PROBLEM DESCRIPTION:
No pictures are to be included when the entries below are reproduced exactly.

(Records contained in a dataset)
● ● ● ● ● ● ●

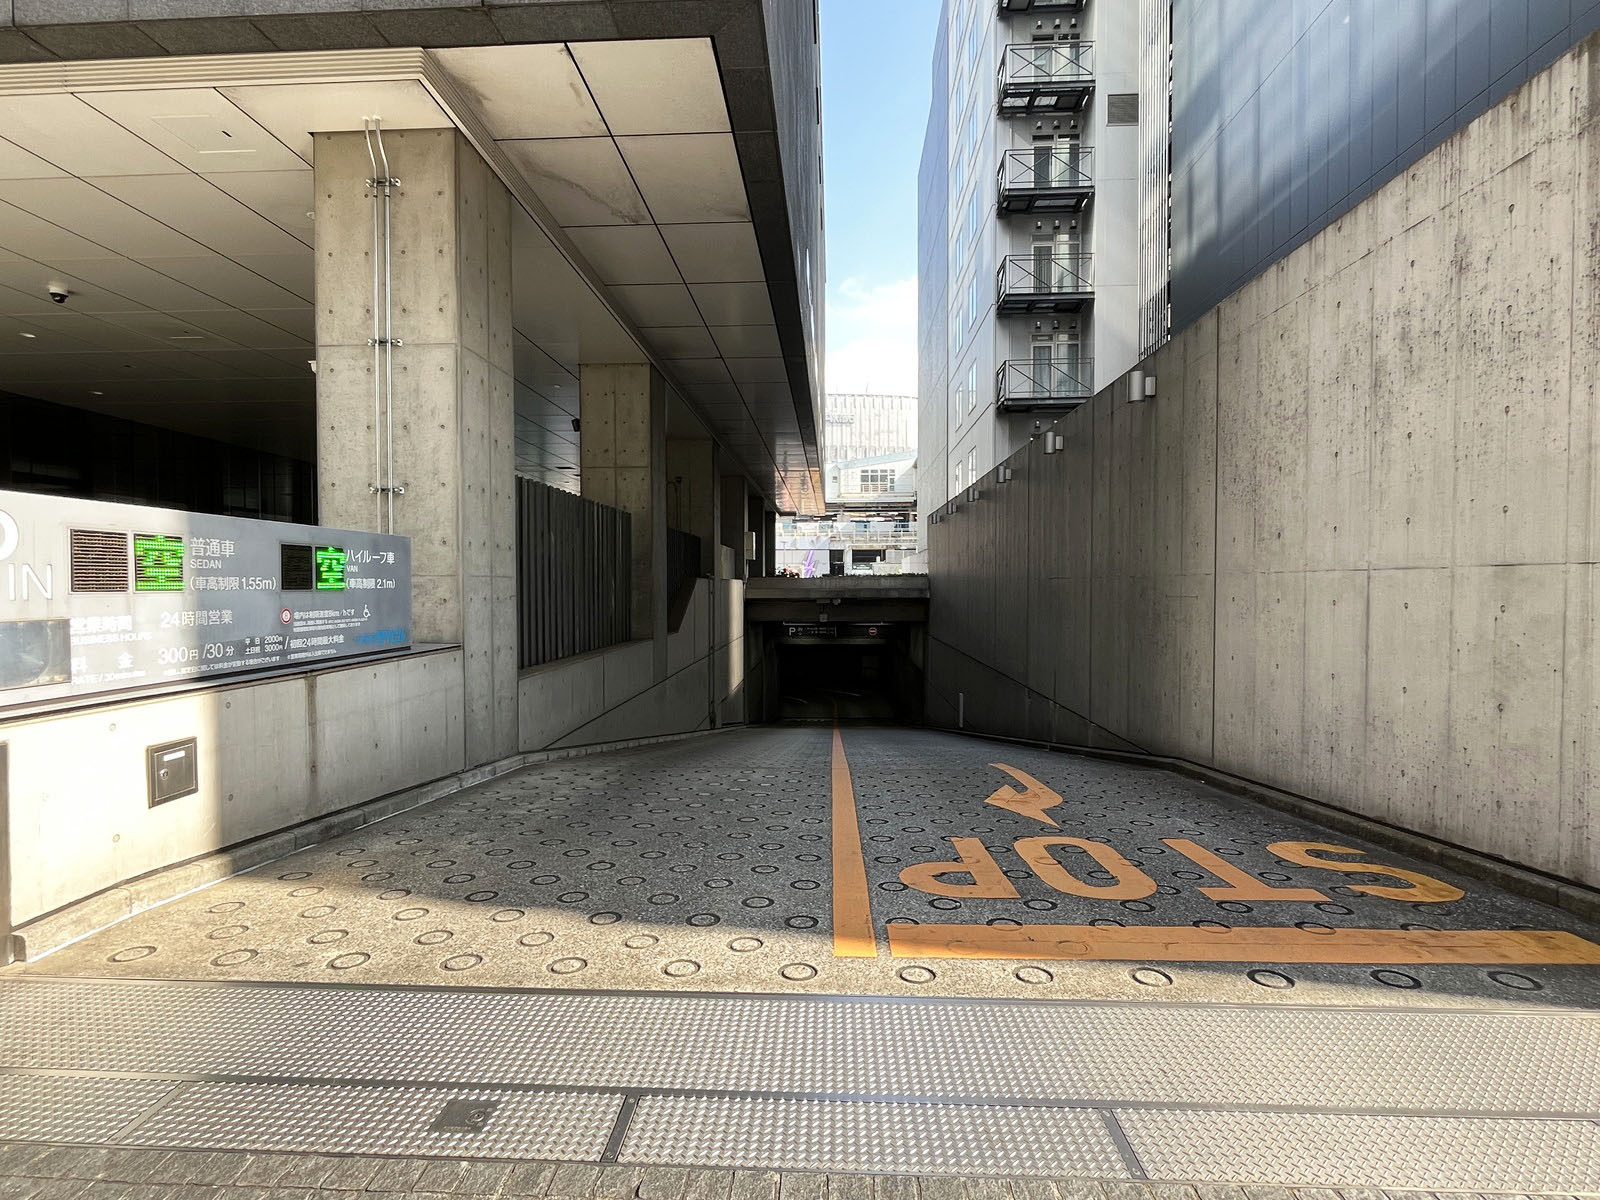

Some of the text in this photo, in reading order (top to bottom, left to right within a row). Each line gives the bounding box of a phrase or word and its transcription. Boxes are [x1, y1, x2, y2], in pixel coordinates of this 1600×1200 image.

[190, 537, 235, 557] 普通車
[190, 559, 222, 568] SEDAN
[346, 550, 395, 564] ハイルーフ車
[8, 563, 53, 601] IN
[161, 609, 233, 628] 24時間営業
[900, 837, 1466, 901] STOP

● ● ● ● ● ● ●

ANSWER FOR THIS EXERCISE:
Some of the text in this photo, in reading order (top to bottom, left to right within a row). Each line gives the bounding box of a phrase or word and its transcription. Boxes are [x1, y1, x2, y2], in pixel coordinates of this 1600×1200 image.

[190, 537, 235, 557] 普通車
[190, 559, 222, 568] SEDAN
[346, 550, 395, 564] ハイルーフ車
[8, 563, 53, 601] IN
[161, 609, 233, 628] 24時間営業
[900, 837, 1466, 901] STOP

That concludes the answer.